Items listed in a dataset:
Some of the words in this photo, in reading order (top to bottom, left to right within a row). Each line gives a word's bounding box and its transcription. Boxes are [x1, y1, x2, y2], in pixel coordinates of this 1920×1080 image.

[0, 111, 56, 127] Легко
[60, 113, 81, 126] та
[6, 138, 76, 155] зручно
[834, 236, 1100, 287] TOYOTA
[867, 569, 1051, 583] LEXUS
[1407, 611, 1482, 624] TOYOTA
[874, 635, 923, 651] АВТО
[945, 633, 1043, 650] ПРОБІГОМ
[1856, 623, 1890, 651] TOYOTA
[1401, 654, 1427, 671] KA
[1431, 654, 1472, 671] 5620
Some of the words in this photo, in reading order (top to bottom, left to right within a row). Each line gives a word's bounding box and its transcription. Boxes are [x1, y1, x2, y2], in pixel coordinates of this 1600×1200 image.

* * *

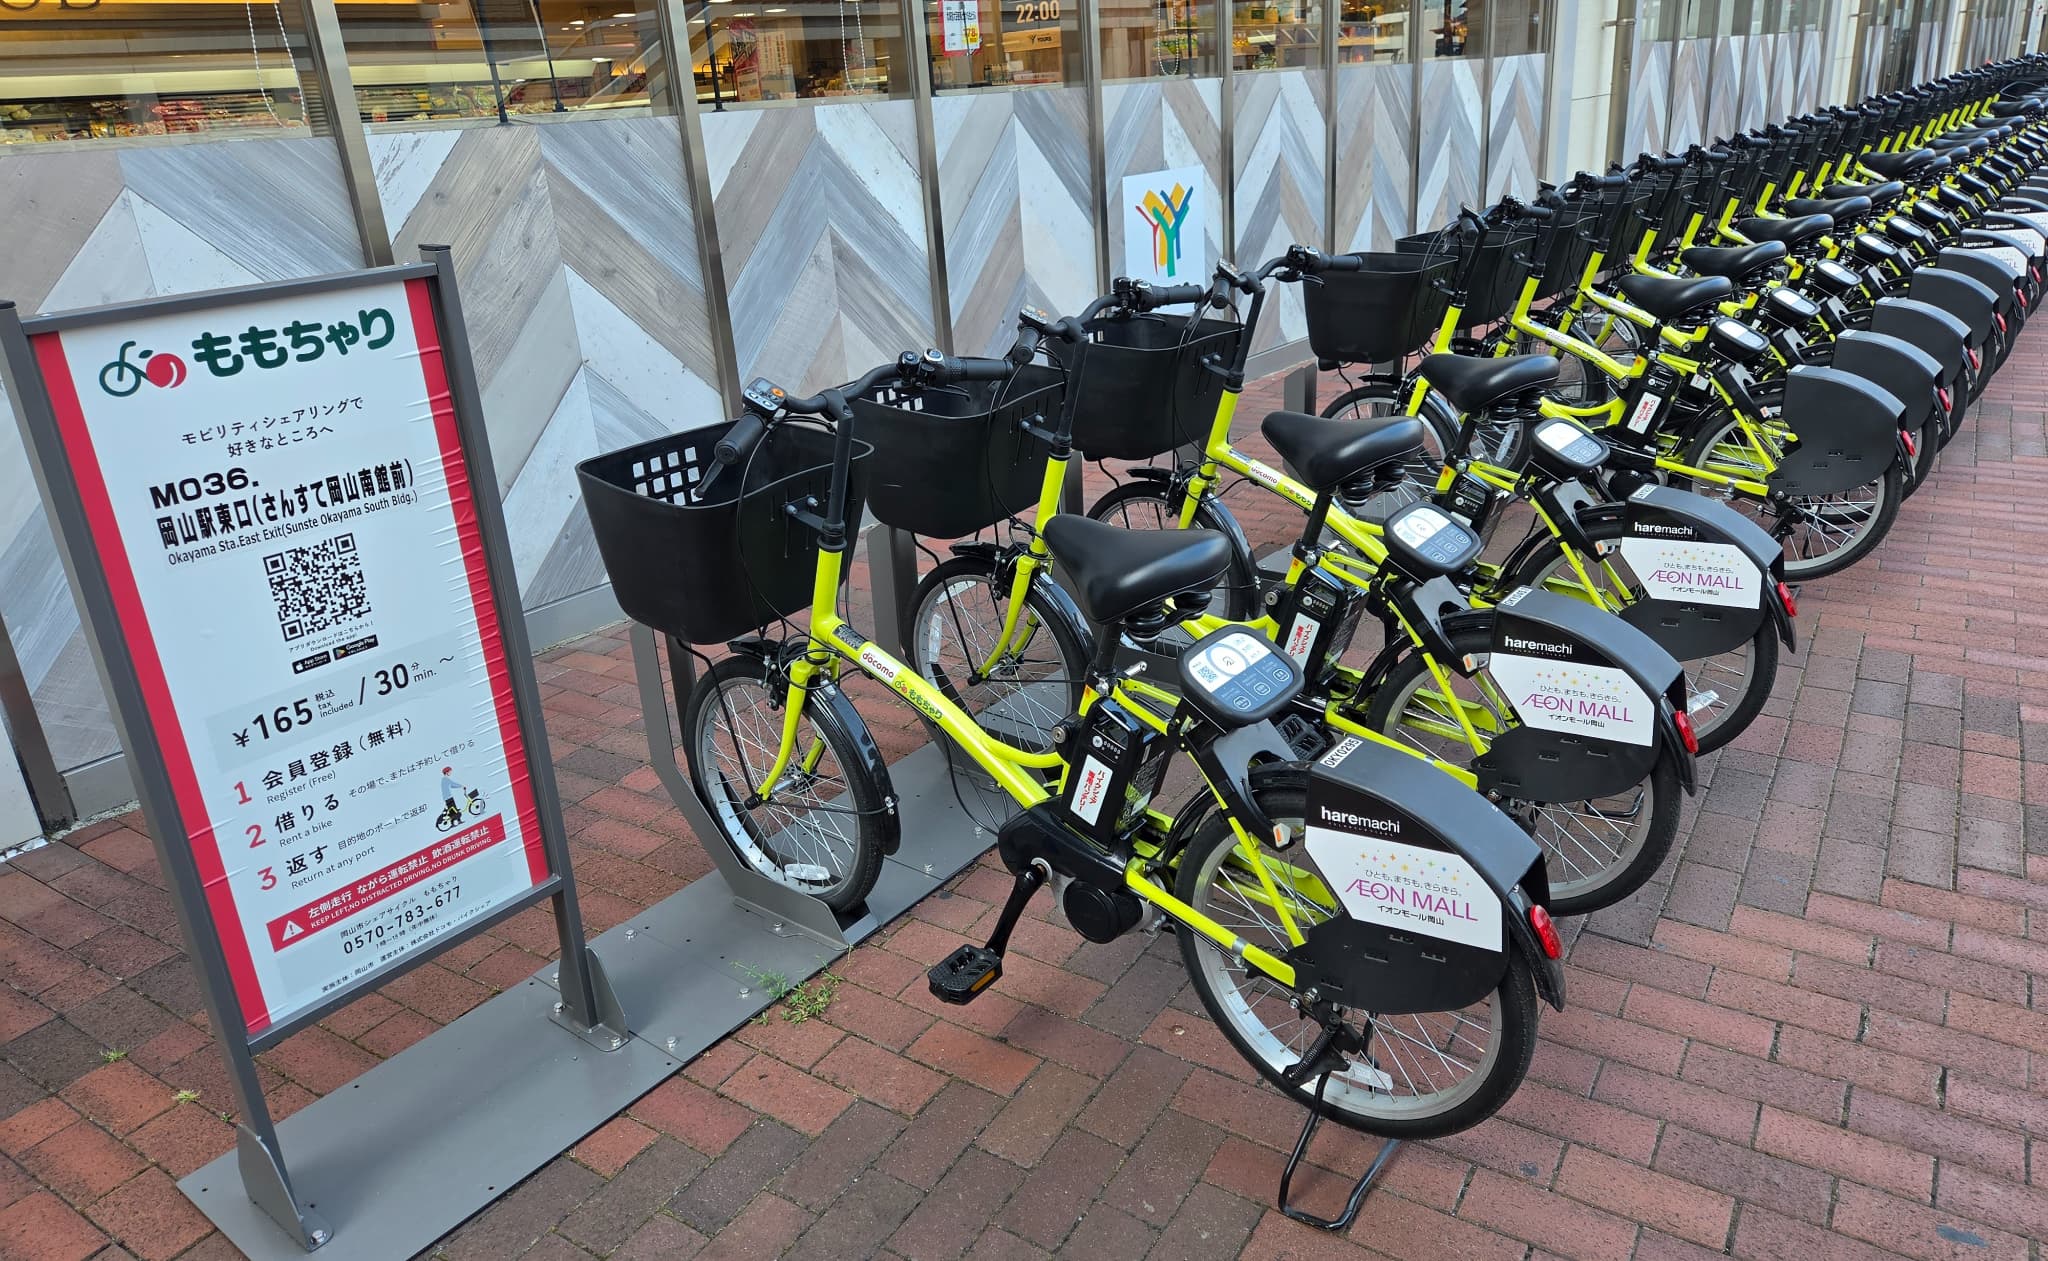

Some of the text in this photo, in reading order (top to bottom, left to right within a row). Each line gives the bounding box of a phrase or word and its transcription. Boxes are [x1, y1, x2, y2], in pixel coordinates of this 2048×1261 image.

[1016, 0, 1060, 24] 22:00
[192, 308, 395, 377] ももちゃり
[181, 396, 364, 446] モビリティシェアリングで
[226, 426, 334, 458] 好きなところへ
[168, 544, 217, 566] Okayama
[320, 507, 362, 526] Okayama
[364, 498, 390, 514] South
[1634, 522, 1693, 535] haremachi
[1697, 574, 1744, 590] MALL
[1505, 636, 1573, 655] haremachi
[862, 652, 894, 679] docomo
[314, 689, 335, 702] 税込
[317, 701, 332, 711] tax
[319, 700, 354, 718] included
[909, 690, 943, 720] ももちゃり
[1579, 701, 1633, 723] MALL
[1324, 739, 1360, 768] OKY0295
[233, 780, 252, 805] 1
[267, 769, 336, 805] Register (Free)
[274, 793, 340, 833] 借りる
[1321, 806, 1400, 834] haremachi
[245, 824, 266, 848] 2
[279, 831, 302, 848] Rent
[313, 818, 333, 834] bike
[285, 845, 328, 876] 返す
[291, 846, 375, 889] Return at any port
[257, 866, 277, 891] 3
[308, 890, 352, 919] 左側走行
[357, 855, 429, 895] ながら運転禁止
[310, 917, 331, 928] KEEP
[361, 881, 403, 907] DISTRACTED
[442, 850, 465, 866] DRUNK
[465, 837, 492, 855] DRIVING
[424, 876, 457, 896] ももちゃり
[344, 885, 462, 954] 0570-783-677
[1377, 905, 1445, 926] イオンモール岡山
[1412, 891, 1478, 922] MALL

▶ [Problem] Your answer should consist of the lines from the line with "this 1920×1080 image." to the line with "this 1600×1200 image." above, repeated exactly, both ends included.

▶ [Result of the exercise]
Some of the words in this photo, in reading order (top to bottom, left to right within a row). Each line gives a word's bounding box and its transcription. Boxes are [x1, y1, x2, y2], in pixel coordinates of this 1920×1080 image.

[0, 111, 56, 127] Легко
[60, 113, 81, 126] та
[6, 138, 76, 155] зручно
[834, 236, 1100, 287] TOYOTA
[867, 569, 1051, 583] LEXUS
[1407, 611, 1482, 624] TOYOTA
[874, 635, 923, 651] АВТО
[945, 633, 1043, 650] ПРОБІГОМ
[1856, 623, 1890, 651] TOYOTA
[1401, 654, 1427, 671] KA
[1431, 654, 1472, 671] 5620
Some of the words in this photo, in reading order (top to bottom, left to right within a row). Each line gives a word's bounding box and its transcription. Boxes are [x1, y1, x2, y2], in pixel coordinates of this 1600×1200 image.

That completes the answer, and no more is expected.